細い道だが遮るものがなく、遠くまで見通せる。
島原鉄道の線路を渡ると、左手にこんもりと茂った木々が見えてきた。恐らく目的地の神社だろう。そこまで高くはないが、低めの枝が四方八方に伸びている。
再び視線を前に戻すと、真っ直ぐ続く道は行き止まり。
その先には、海が広がっていた。穏やかな海。有明海だ。

晴天だったせいか、ヤシの木と海をバックに南国ムードすら漂っていた。目の前の景色は、まさに平和そのもの。
だから、少しばかり拍子抜けした。

一体、誰が想像できるだろう。
440年前、ここがぬかるんだ湿地帯だったということを。
そして、この地で九州の勢力図が大きく変わる戦があったということを。

長崎県島原市の「沖田畷(おきたなわて)古戦場」付近

天正12(1584)年の「沖田畷(おきたなわて)の戦い」。
「畷(なわて)」とは田んぼの畦道(あぜみち)のこと。当時、この付近は見通しが悪く、畦道を外れると胸まで沈むほどの湿田が広がっていたという。そんな悪路で両軍が大激突したというから、結果は散々。当然ながら、かなりの死傷者が出た。

そのうちの1人。壮絶な最期を遂げた男がいる。
生前は「肥前の熊」と呼ばれ、色んな意味で「ちょい悪」なイメージを持つ戦国武将。
「龍造寺隆信(りゅうぞうじたかのぶ)」である。

じつは、歴史を紐解けば、敵に首を討ち取られた大物の戦国武将は意外と少ない。
代表格は、織田信長勢に討ち取られた「今川義元」。そして次に挙がるのが、この「龍造寺隆信」なのだとか。
ただ、そんな壮絶な最期を遂げたにもかかわらず。残念ながら、彼の試練はこれだけでは終わらなかった。死後に、本人さえも二度見するような驚愕の出来事が待ち受けていたのである。

ちなみに、ヒントは今回の一連の取材にある。
じつに長崎県から出発した取材だったが、結果的には複数の県をまたぐことに。その理由こそ、彼の身に起きた苦難を表しているといっていいだろう。

一体、龍造寺隆信に何があったのか。
それでは、現地を歩きながら、その壮絶な最期を辿っていこう。

※冒頭の画像は「二本木神社」内の「沖田畷の戦いの戦死者の供養塔」です
※本記事の「二本木神社(長崎県)」「願行寺(熊本県)」「高伝寺(高傳寺、佐賀県)」に関する写真は、それぞれ承諾を得て撮影しています
※本記事は「龍造寺隆信」「鍋島直茂」の表記で統一しています

「謀略」に満ちた龍造寺隆信の半生

まずは、冒頭でご紹介した神社から。
その名も「二本木神社」。
長崎県島原半島の東側にあり、海岸線近くのJR島原駅からは歩いて20分弱の距離となる。

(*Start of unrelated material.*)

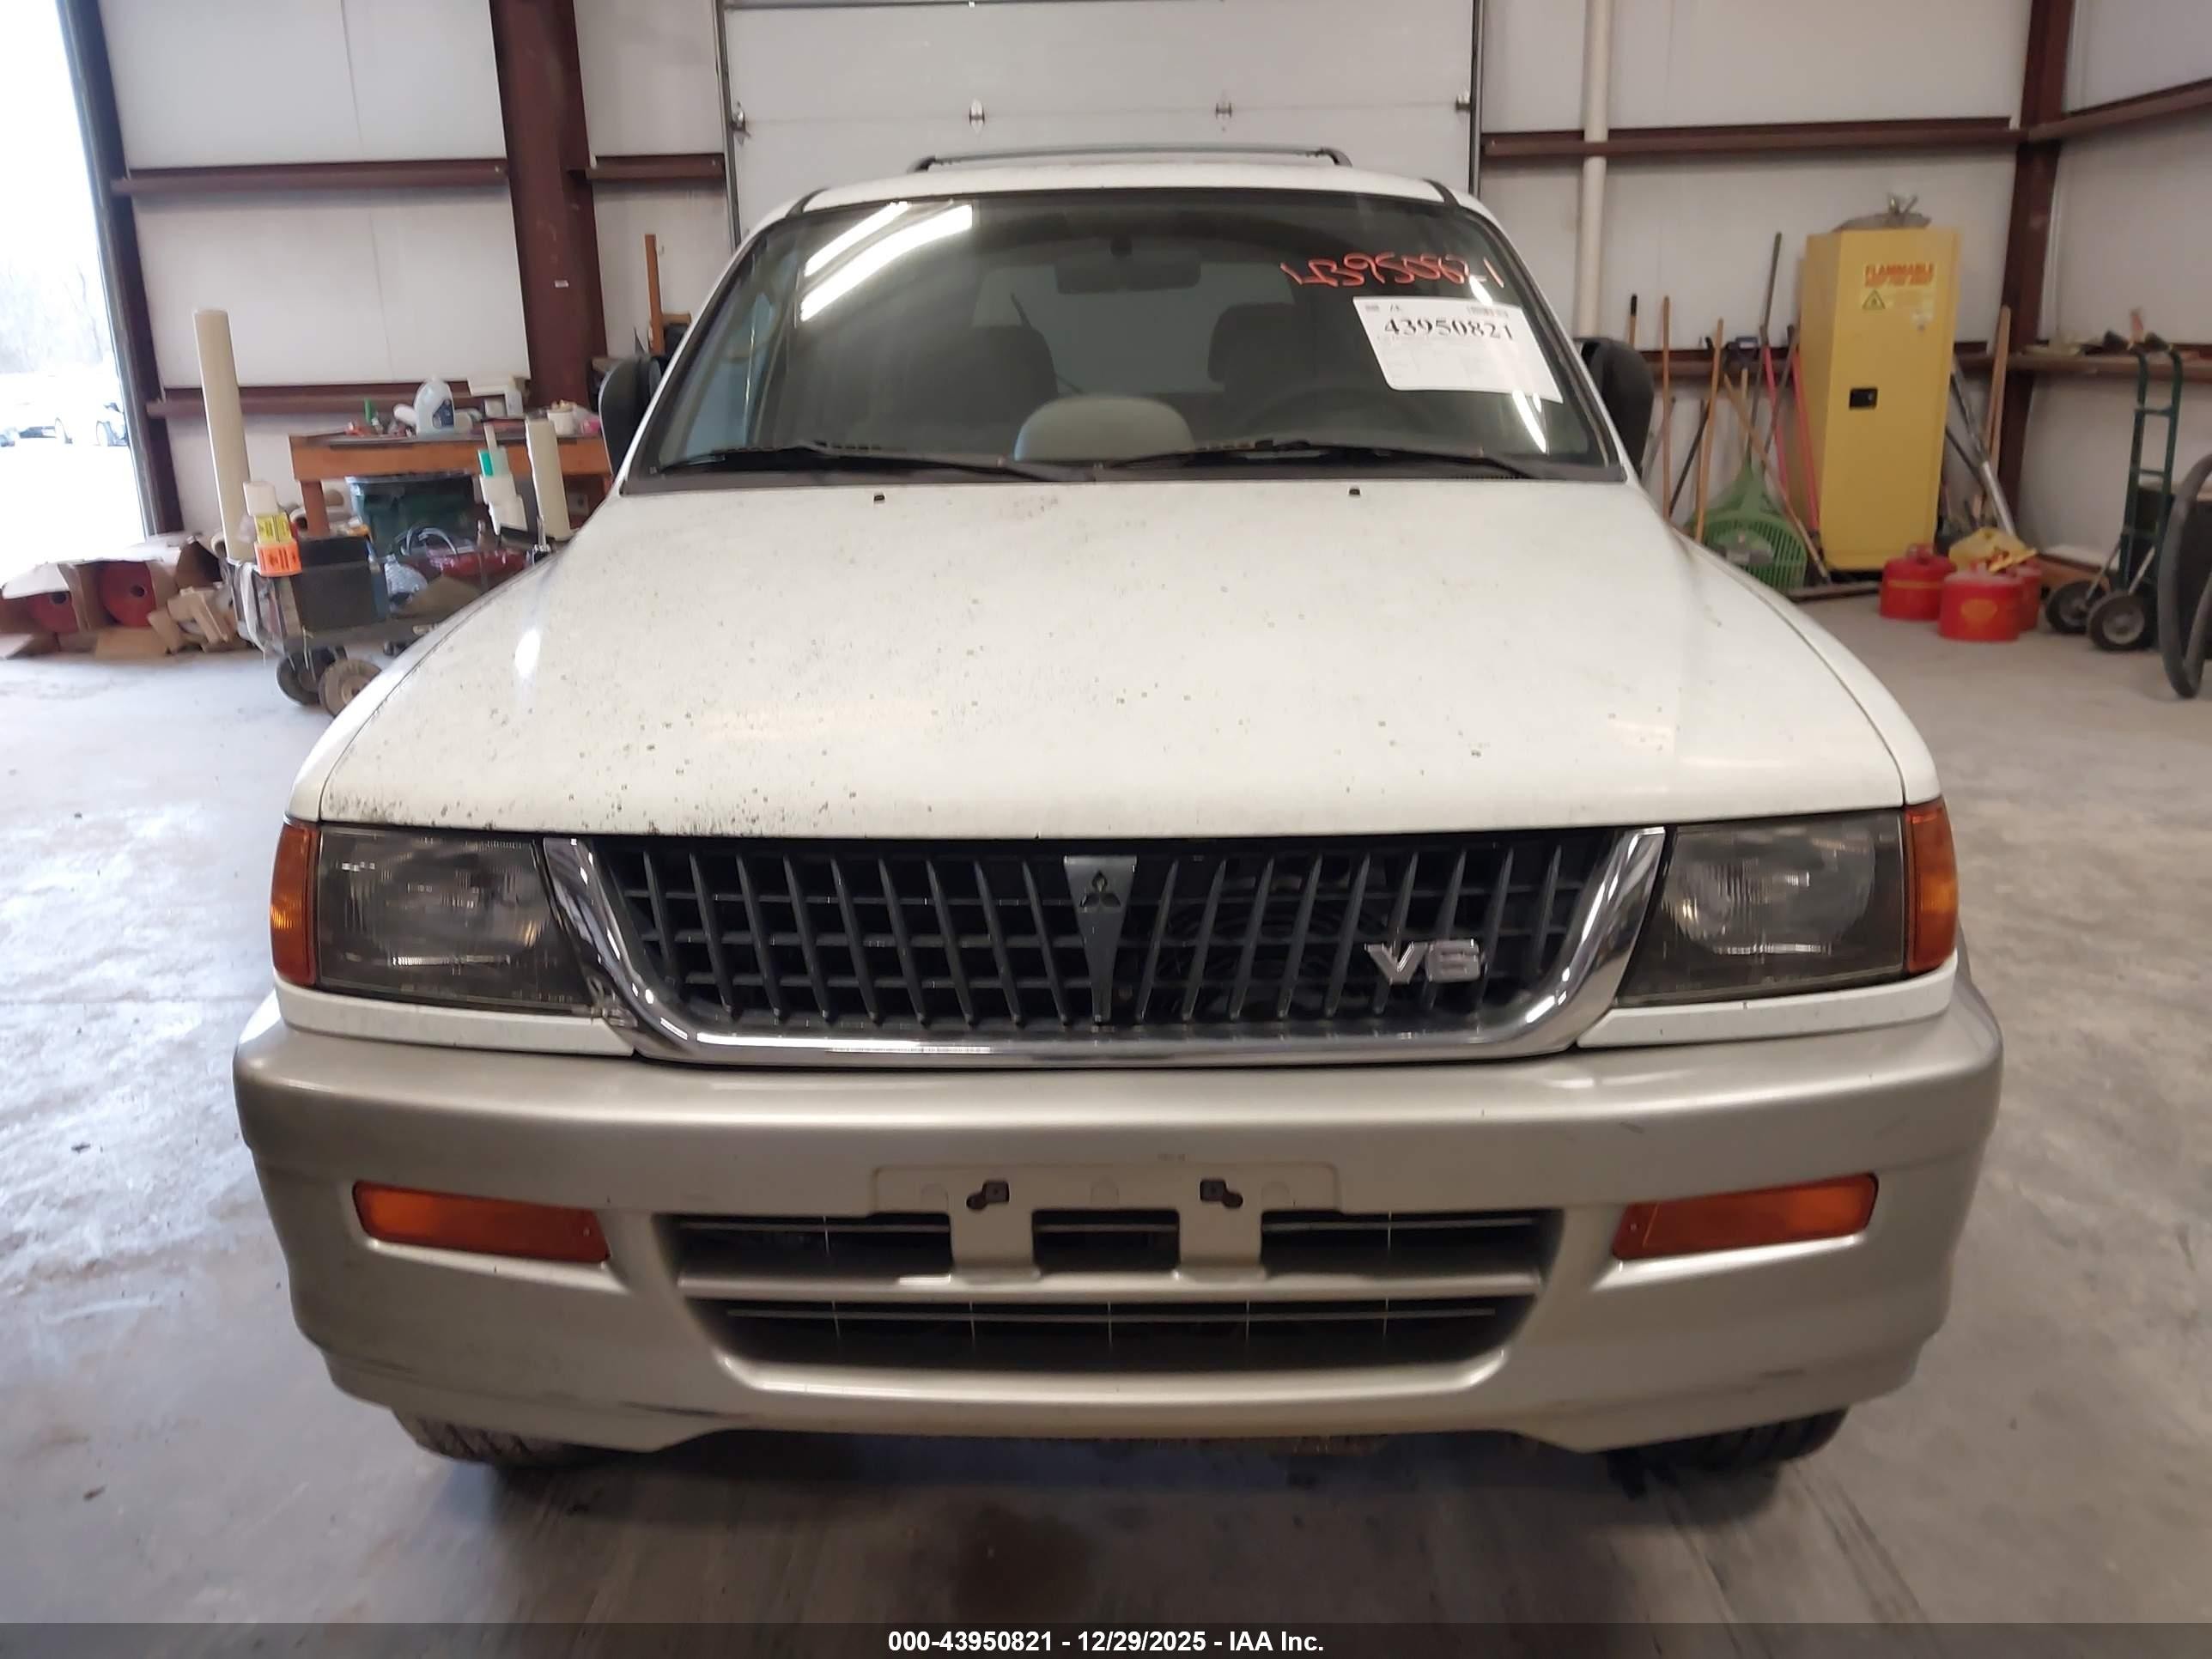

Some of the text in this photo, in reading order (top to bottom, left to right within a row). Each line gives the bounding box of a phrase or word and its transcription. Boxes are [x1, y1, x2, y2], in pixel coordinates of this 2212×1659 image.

楠戸義昭著『戦国武将 お墓でわかる意外な真実』によると、以前からこの地域では、村の人たちが龍造寺隆信を「二本木様」としてお祀りしていたとか。
ただ実際に、神社として創建されたのは大正4(1915)年である。先祖が龍造寺家の家臣であったことから、沖田畷古戦場の真っただ中のコチラの土地を購入し、龍造寺隆信を御祭神としてお祀りしたという。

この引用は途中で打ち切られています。